Problem: Please copy the entries below word for word, leaving out any image.

Provided data START

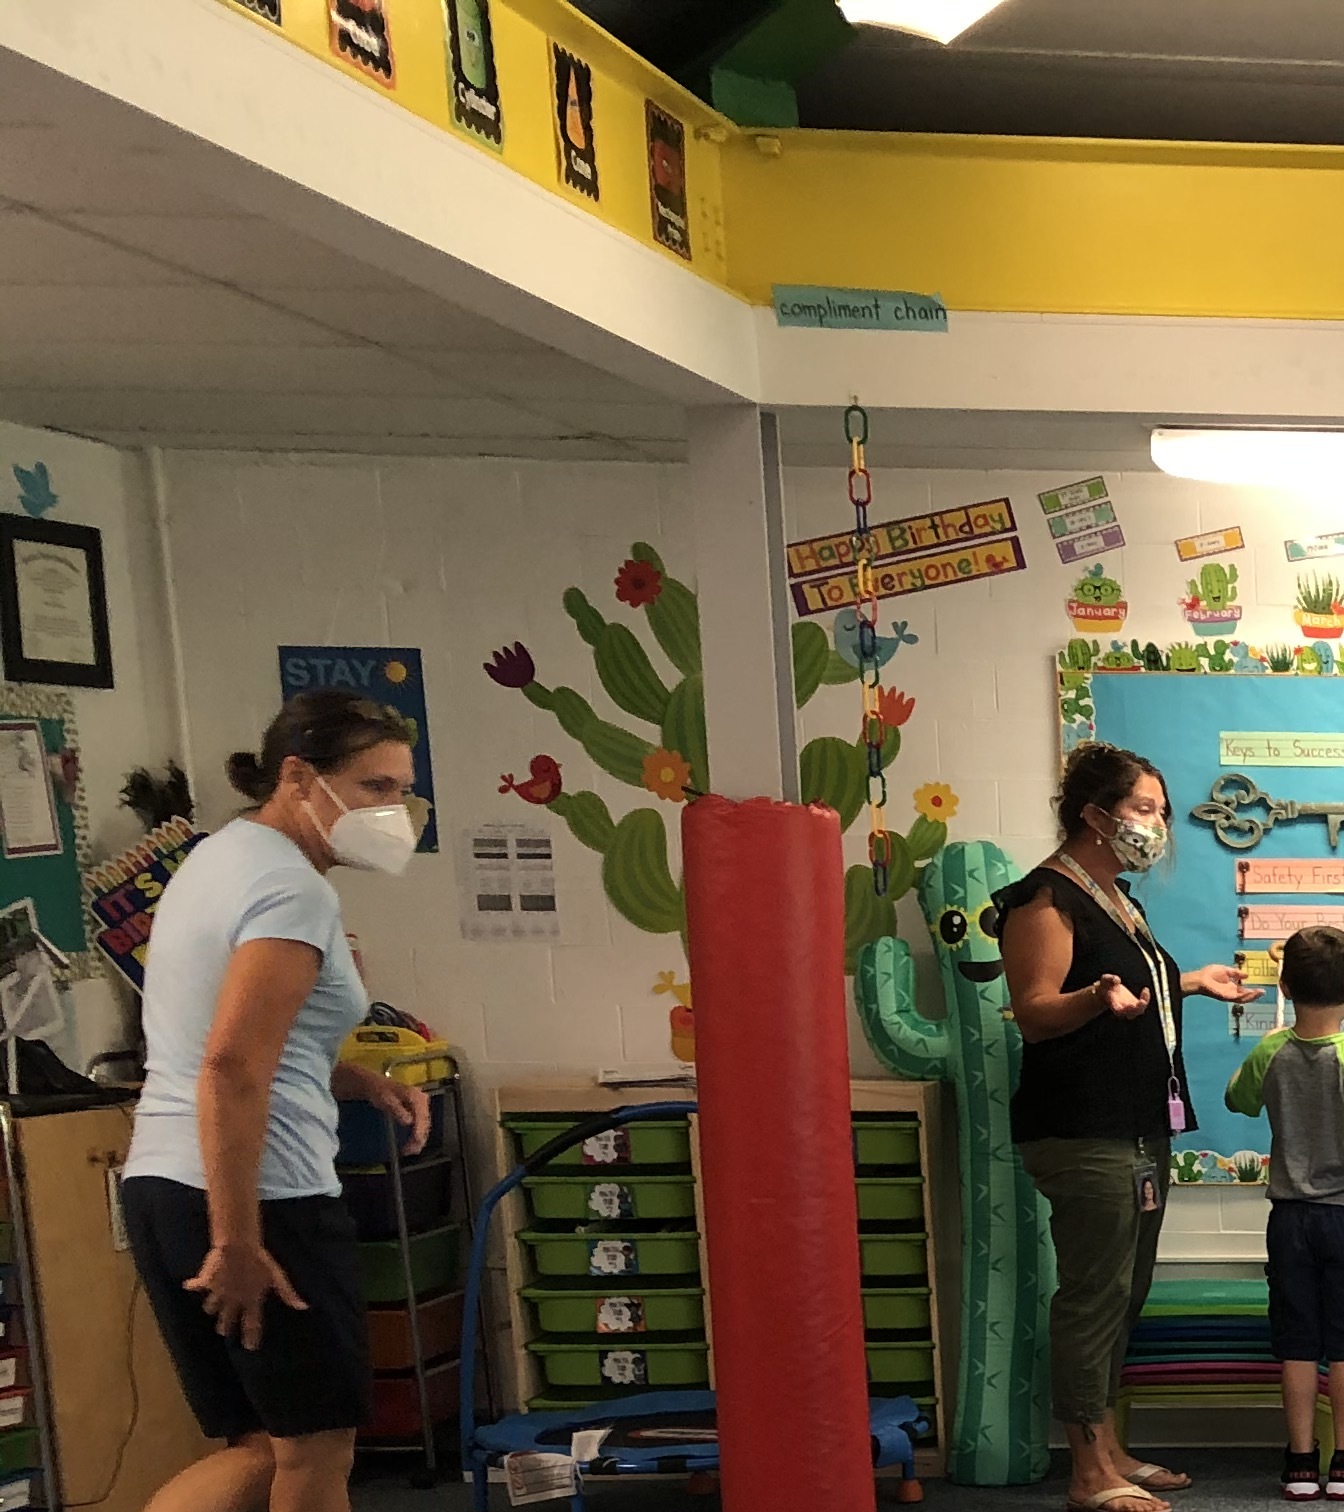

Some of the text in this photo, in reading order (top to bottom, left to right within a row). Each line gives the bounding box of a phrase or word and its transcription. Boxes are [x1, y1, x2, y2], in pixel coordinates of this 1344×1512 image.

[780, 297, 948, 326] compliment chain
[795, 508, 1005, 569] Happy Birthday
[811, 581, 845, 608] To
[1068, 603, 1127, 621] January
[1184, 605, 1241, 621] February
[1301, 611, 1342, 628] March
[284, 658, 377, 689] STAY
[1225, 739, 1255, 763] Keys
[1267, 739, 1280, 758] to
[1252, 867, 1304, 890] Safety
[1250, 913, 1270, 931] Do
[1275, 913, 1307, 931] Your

Provided data END

Response to the task:
Some of the text in this photo, in reading order (top to bottom, left to right within a row). Each line gives the bounding box of a phrase or word and its transcription. Boxes are [x1, y1, x2, y2], in pixel coordinates of this 1344×1512 image.

[780, 297, 948, 326] compliment chain
[795, 508, 1005, 569] Happy Birthday
[811, 581, 845, 608] To
[1068, 603, 1127, 621] January
[1184, 605, 1241, 621] February
[1301, 611, 1342, 628] March
[284, 658, 377, 689] STAY
[1225, 739, 1255, 763] Keys
[1267, 739, 1280, 758] to
[1252, 867, 1304, 890] Safety
[1250, 913, 1270, 931] Do
[1275, 913, 1307, 931] Your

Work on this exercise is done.